Why is it so hard to write clearly? Is it because we don’t know what to say? Is it because we jettison all common sense when we write and try to adhere to some fancy form we imagine is sophisticated? Is it because we just throw any old word down right before the deadline and pass it along without review? Well, stop! I’m getting cranky about it.
The more you write, the more you will become interested in the actual craft of writing. There are tons of books and websites out there to help you. Some focus on clear grammar. Some focus on pared down writing. Others focus on how to put together a story, though they will call it a narrative. I read these books. I visit these websites. I think about my writing. I tweak some essays I write. Others I jettison because I have not discovered a story line that works.
Right now I’m thinking about writing because I just finished reading a packet of short proposals for undergraduate research from Wash U‘s SURF program. I also just read the monthly writing from my own group. Then I read a piece Jerry Coyne published in Why Evolution is True and one Dave Hillis linked to for scientists and journalists on Facebook from a meeting.
Writing well and easily is extremely important to a scientist. I think there are only two main difficulties that cause good people to fail at tenure: writing and collaborating.
Here are a few tips to get you going with the writing. (Tips on collaborating is a future topic.)

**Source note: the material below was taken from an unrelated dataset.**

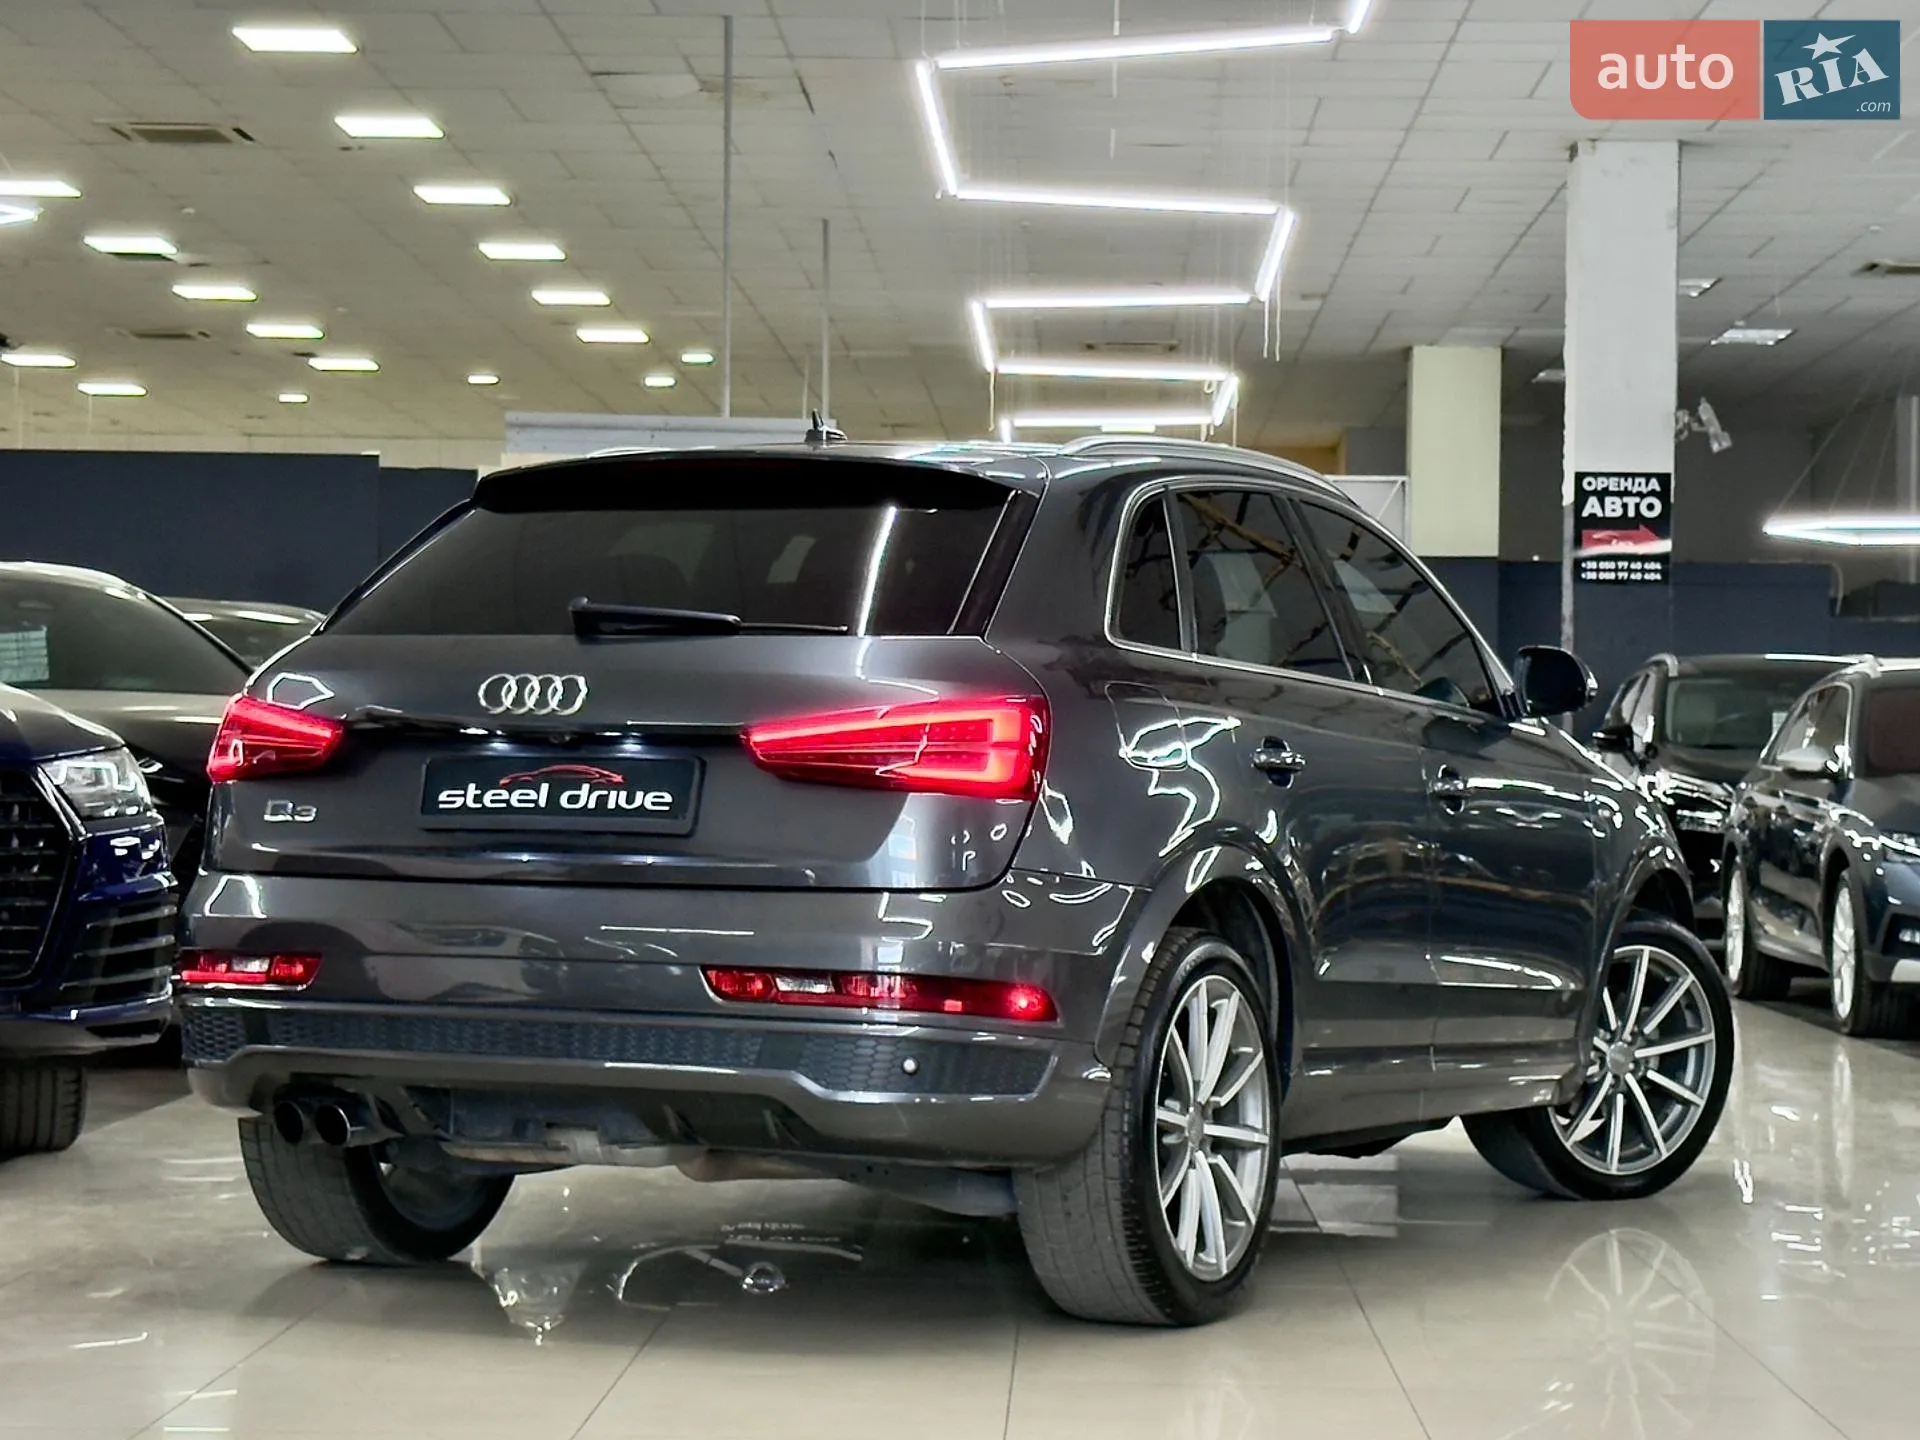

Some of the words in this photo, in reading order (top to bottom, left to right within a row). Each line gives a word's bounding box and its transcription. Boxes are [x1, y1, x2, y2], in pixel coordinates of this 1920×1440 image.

1. Learn the exact meaning and spelling of words and use them correctly. “All right” is two words. Utilize means use for a purpose other than the one the object was made for. “I used a fork to eat the salad, then utilized the fork to stab the cat.” Normally you will not be stabbing cats and so should not use “utilize.” If you are not sure which word to pick, choose “use.” Update: others say I’m wrong about utilize, so just skip using it.
2. Use parallel structure. This is a kindness to your readers who want to follow what you have to say, not do hopscotch over your complicated sentences.
3. Write short sentences in a logical order. I’ve seen sentences that have a whole paragraph of information in them. No sentence should take more than two lines. If you are a beginner, your sentences should be particularly short.
4. Use the active voice. “I kissed the cat.” is better than “The cat was kissed.” Did you get told not to use “I” in scientific writing back in high school? It is all right now, though there are other ways of writing in active voice. If you got told in introductory chemistry or biology labs that you should use the passive voice, consider it the sly revenge of the people that teach those classes and ignore the bad advice.
5. Do not use gerunds, verbs with -ing, very often. You are not doing the study right now. You did it in the past.
6. Your reader is impatient. Most readers will stop reading somewhere before the end of your piece. They might even stop in the middle of the first paragraph. Therefore you don’t get to set the scene with several paragraphs before you tell the reader why they need to know this stuff. But you want to write in a logical order, so this can be frustrating. I often write my piece the way I want to, then go back and look hard at it to see if I can move something more gripping to the beginning that will keep the reader’s attention for the back story.
7. Use transitions. They help the reader connect one thought to the next in the building of a story. Without transitions, you are giving the reader a bunch of blocks without telling her how they go together. She will not take the time for assembly.
8. Tell a story. Our brains are wired for stories. If we cannot make a story of a set of facts, we will not remember them. The aborigines remember their paths through the landscape with songs. You don’t have to be able to sing your work, but you should be able to make it a story.
9. Write the title and abstract first. Both may change, but a summary of the story can keep you focused. If you are not ready to write the abstract, you are not ready to write the paper. You may not even be ready to do the research.
10. Look back at your piece as you write it. Does it make sense? Are there whole paragraphs that can be moved or dumped? Is every sentence as clear as it might be?
11. Pay attention to work you read. How does this writer connect one idea to the next? What kinds of transitions does he use? How does she deal with the problem of when to give background information? If you want to study some really great scientific writing, pick up anything by Richard Dawkins.
12. Listen to scientific writing. This can help you understand how structure works to tell a story.
Have fun! Clear writing is hard to do.